Oroonoko is an African prince and no ordinary man. On top of his startling physical beauty and intellect, Oroonoko’s social status is important in the text: he is a Prince, next in line to the throne of Cormantien. The narrator emphasizes Oroonoko’s greatness throughout the text and, in doing so, emphasizes his difference to other men. While Behn has been praised for her sympathetic portrait of African people, Oroonoko is admirable because he is not like other Africans. In fact, he is most often compared to Europeans. This is further emphasized by his education; he is tutored by a French gentleman and can speak several European languages.

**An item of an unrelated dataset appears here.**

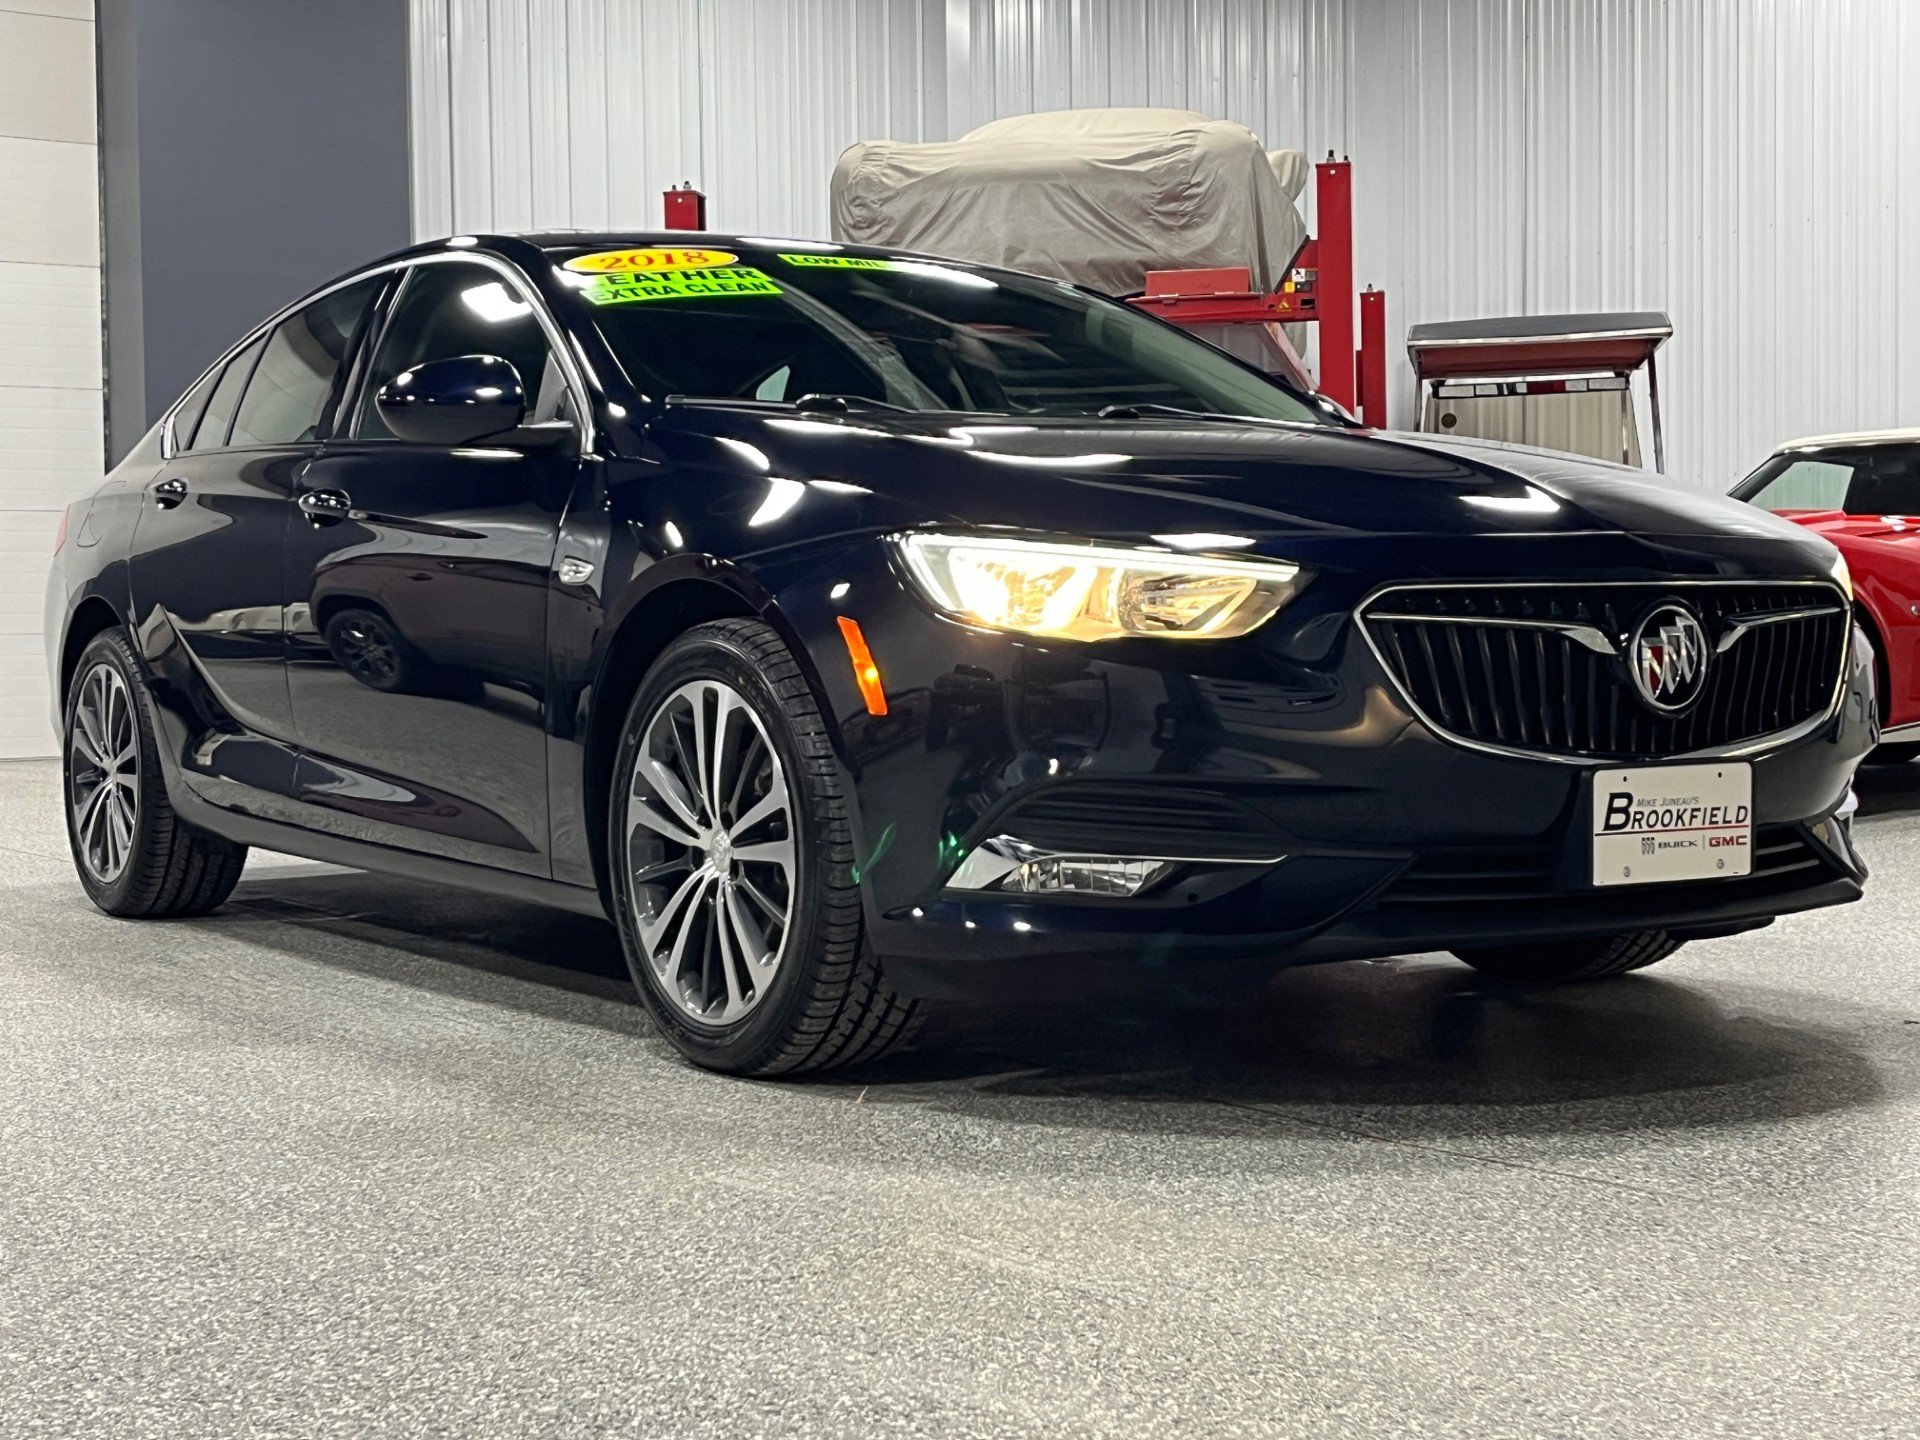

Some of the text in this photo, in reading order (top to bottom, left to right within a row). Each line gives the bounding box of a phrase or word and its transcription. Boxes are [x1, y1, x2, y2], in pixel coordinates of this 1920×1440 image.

At one point the narrator notes that he is “more civiliz’d according to the European Mode, than any other had been, and took more Delight in the White Nations” (43).

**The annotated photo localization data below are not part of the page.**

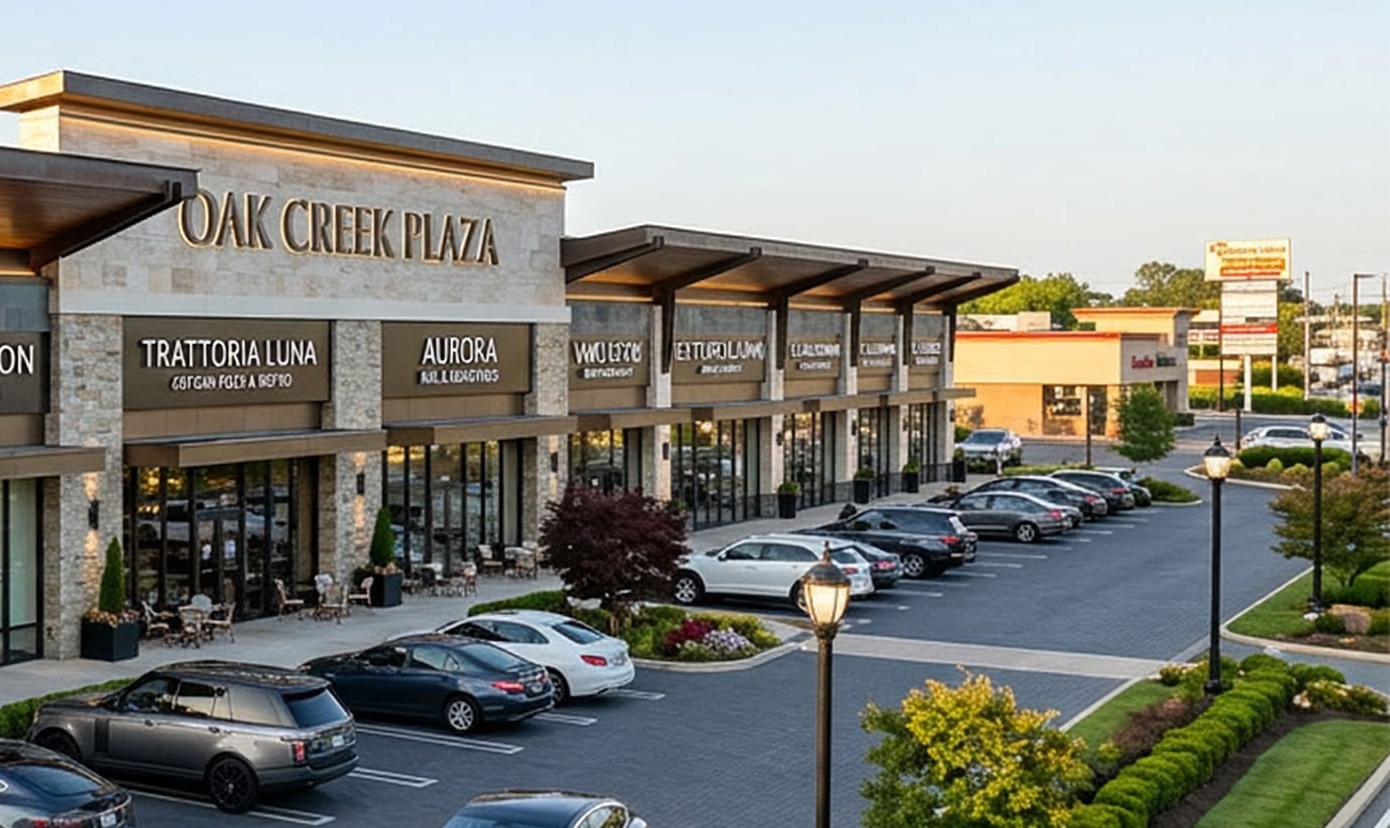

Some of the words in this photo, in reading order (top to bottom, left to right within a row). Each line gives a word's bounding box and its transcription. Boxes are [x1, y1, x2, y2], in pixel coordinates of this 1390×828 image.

[177, 190, 273, 249] OAK
[279, 197, 395, 259] CREEK
[401, 210, 499, 266] PLAZA
[141, 339, 261, 368] TRATTORIA
[265, 340, 318, 366] LUNA
[421, 336, 498, 365] AURORA

Oroonoko is driven by honor and he has a number of exchanges—with the English captain, for example—in which he discusses the nature of honor and the importance for a man to keep his word. His love for Imoinda is another motivating factor, one that leads him to risk his grandfather’s wrath and his inheritance in order to consummate his marriage to her. His promise to remain monogamousaligns him with European cultural norms rather than the polygamy traditional in Cormantien. For Oroonoko, slavery is the antithesis of honor: although he is not forced to labor as a slave, he cannot bear to be enslaved. Even then, his slave name—Caesar—emphasizes his greatness and his compatibility with European values. In the end, however, he kills Imoinda and their unborn child rather than face a life of bondage. 

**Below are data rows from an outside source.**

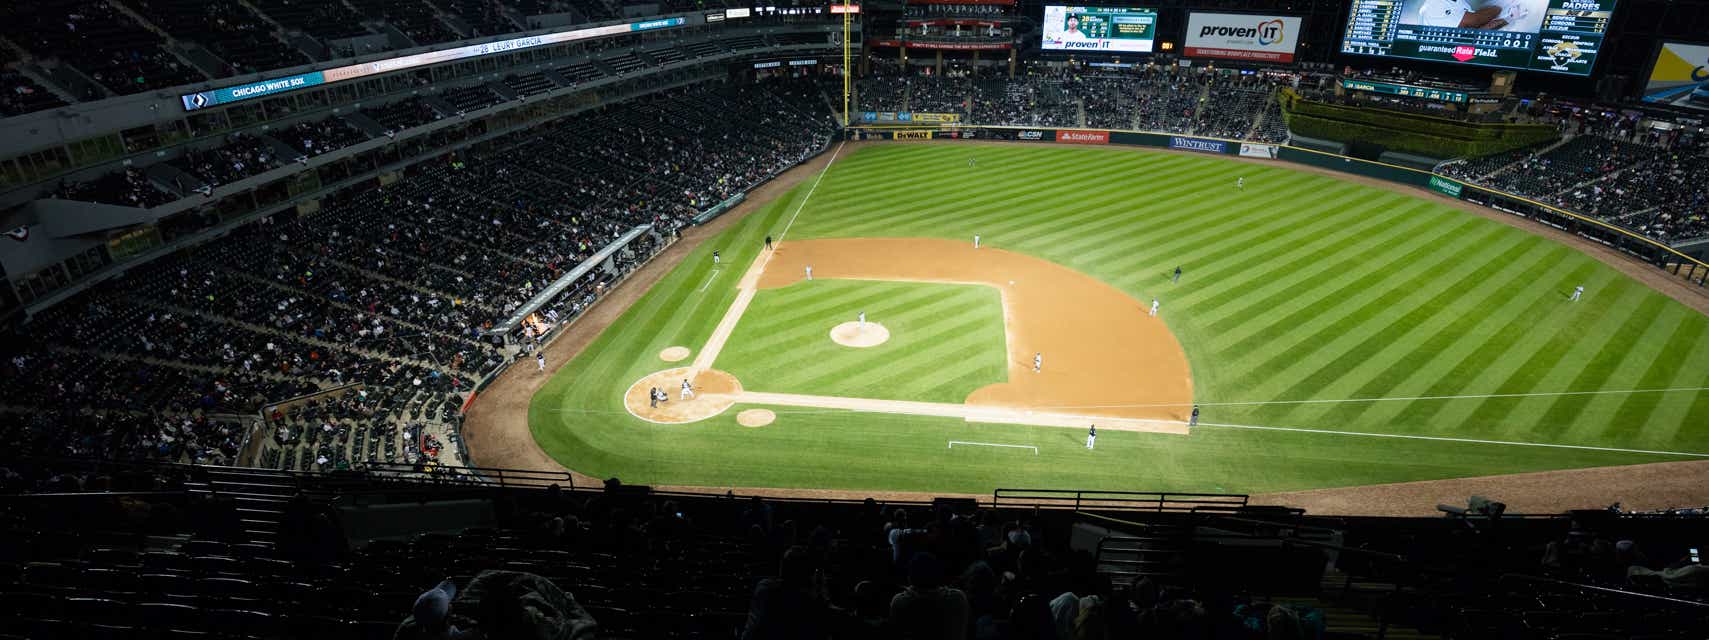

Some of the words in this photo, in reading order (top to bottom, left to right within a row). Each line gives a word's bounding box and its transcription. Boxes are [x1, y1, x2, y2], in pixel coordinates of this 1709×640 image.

[1562, 2, 1600, 11] PADRES
[1200, 25, 1257, 38] proven
[1263, 26, 1278, 39] IT
[492, 41, 514, 52] LEURY
[516, 37, 542, 48] GARCIA
[1065, 40, 1098, 49] proven
[1418, 45, 1456, 54] guaranteed
[1456, 46, 1473, 55] Rate
[232, 85, 266, 97] CHICAGO
[266, 81, 290, 90] WHITE
[290, 77, 305, 87] SOX
[1174, 137, 1222, 150] WINTRUST

Imoinda is the woman Oroonoko loves and whom he eventually marries. Like her husband, she is extraordinarily beautiful, exceptional among African women. While her role in the novella is largely limited to being the object of Oroonoko’s affections, there are moments where she acts courageously and which show her to be a suitable wife for such a great man. This is particularly evident towards the end of the novella when, alone out the slave women, she stands with Tuscan and…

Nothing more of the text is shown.